Founded in 1881, Seiko is Japan’s leading watch company and one of the world’s largest in-house watch manufactures. In addition to Seiko branded watches, they also produce high-end timepieces under the Grand Seiko and Credor labels.

VIDEO: We had a barman make the cocktails that inspired Seiko’s Cocktail Time watches, and it went quite well

We’ve been hitting the bottle this week, but not for the usual reasons. No, this week we’re celebrating that riot of colour and fun that is the Presage Cocktail Time. Now, you might be asking, what is Cocktail Time? Isn’t it about five o’clock? Well, yes and no. Cocktail Time is the on-point name of the latest dressy addition to Seiko’s Presage Line.

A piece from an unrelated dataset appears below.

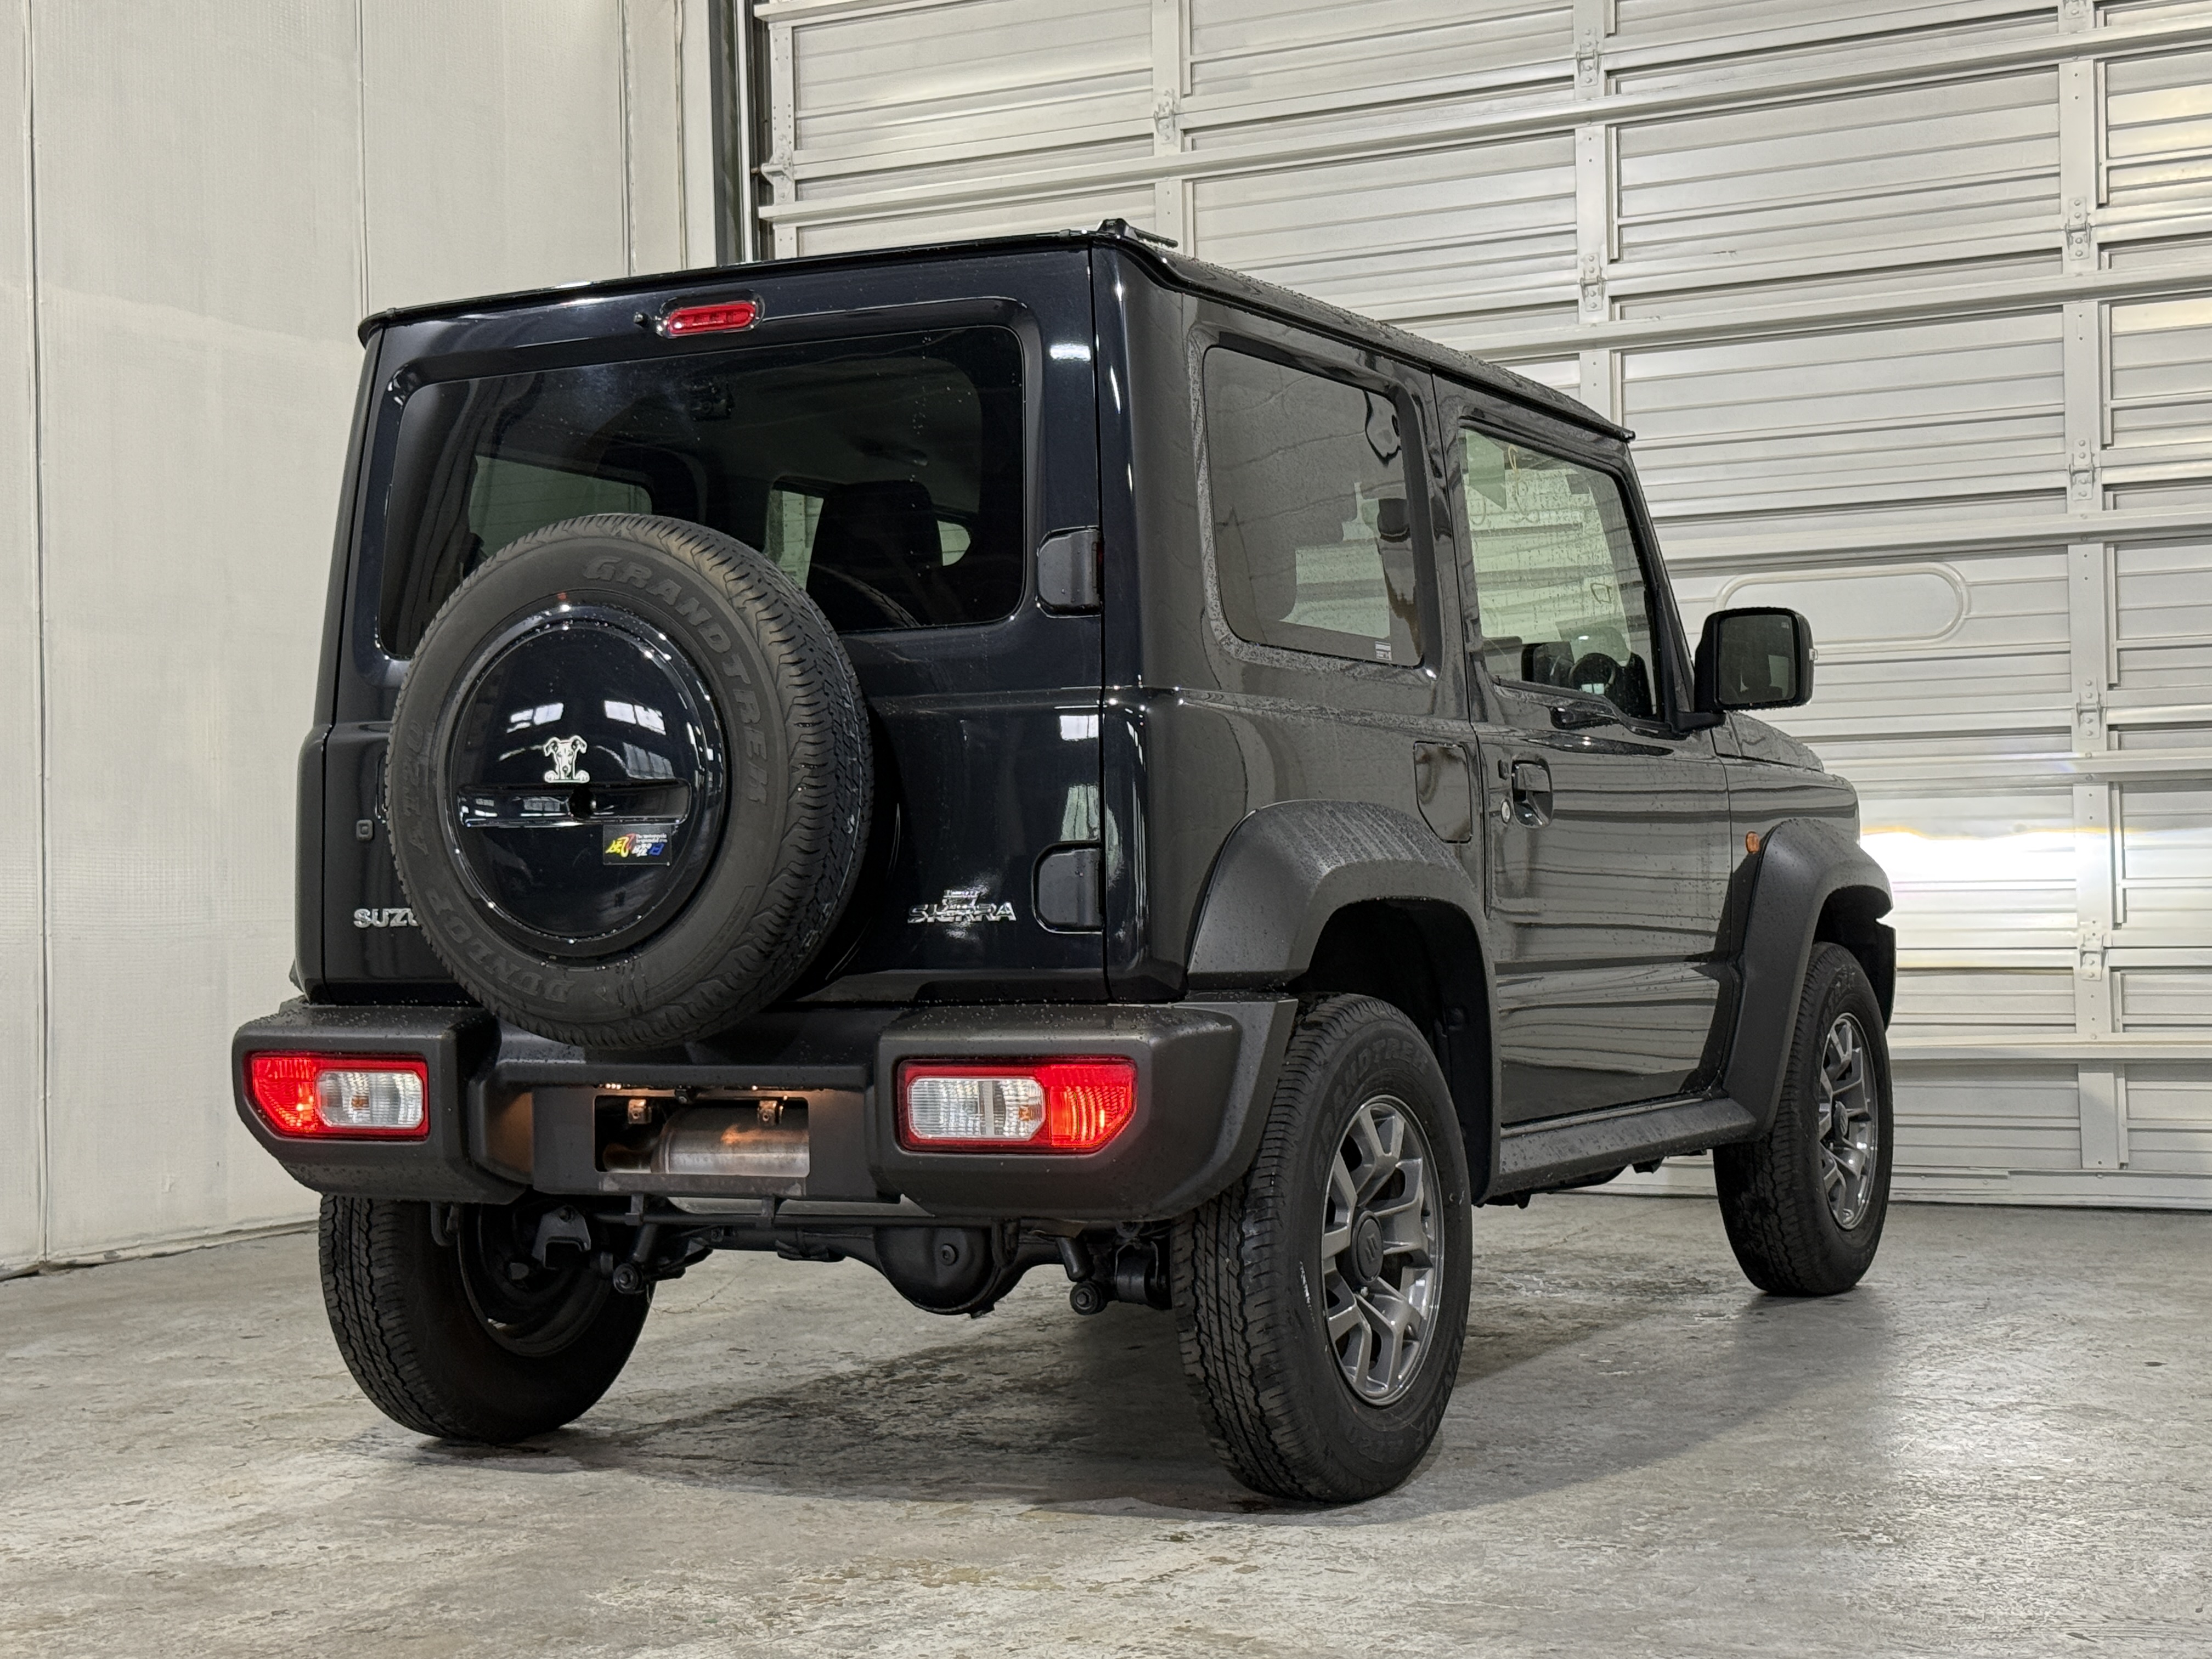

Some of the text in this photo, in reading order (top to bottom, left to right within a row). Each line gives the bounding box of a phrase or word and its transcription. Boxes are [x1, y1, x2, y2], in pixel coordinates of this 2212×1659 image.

[583, 557, 767, 805] GRANDTREK
[425, 889, 575, 1003] DUNLOP
[907, 901, 1017, 924] SIERRA

You see, Seiko has a rich tradition of fan-driven monikers, with everything from ‘monsters’ to ‘samurais’. These colourful nicknames make sense really. ‘Turtle’ certainly rolls of the tongue a lot easier than SRP777, for example. But the Cocktail Time represents something of an important shift, as this is the first time Seiko themselves have embraced the less-formal naming conventions, which means that instead of a dry assemblage of SRPB41, SRPB43 and SRPB46, we now have watches named for the cocktails that they resemble – the Blue Moon, Sky Diving and Manhattan respectively. So, in showcasing these very attractive watches we naturally ended up in a bar, with a barman, matching drinks to watches. It’s something we definitely suggest you try at home, and, after watching this you’ll know how. Cheers to that!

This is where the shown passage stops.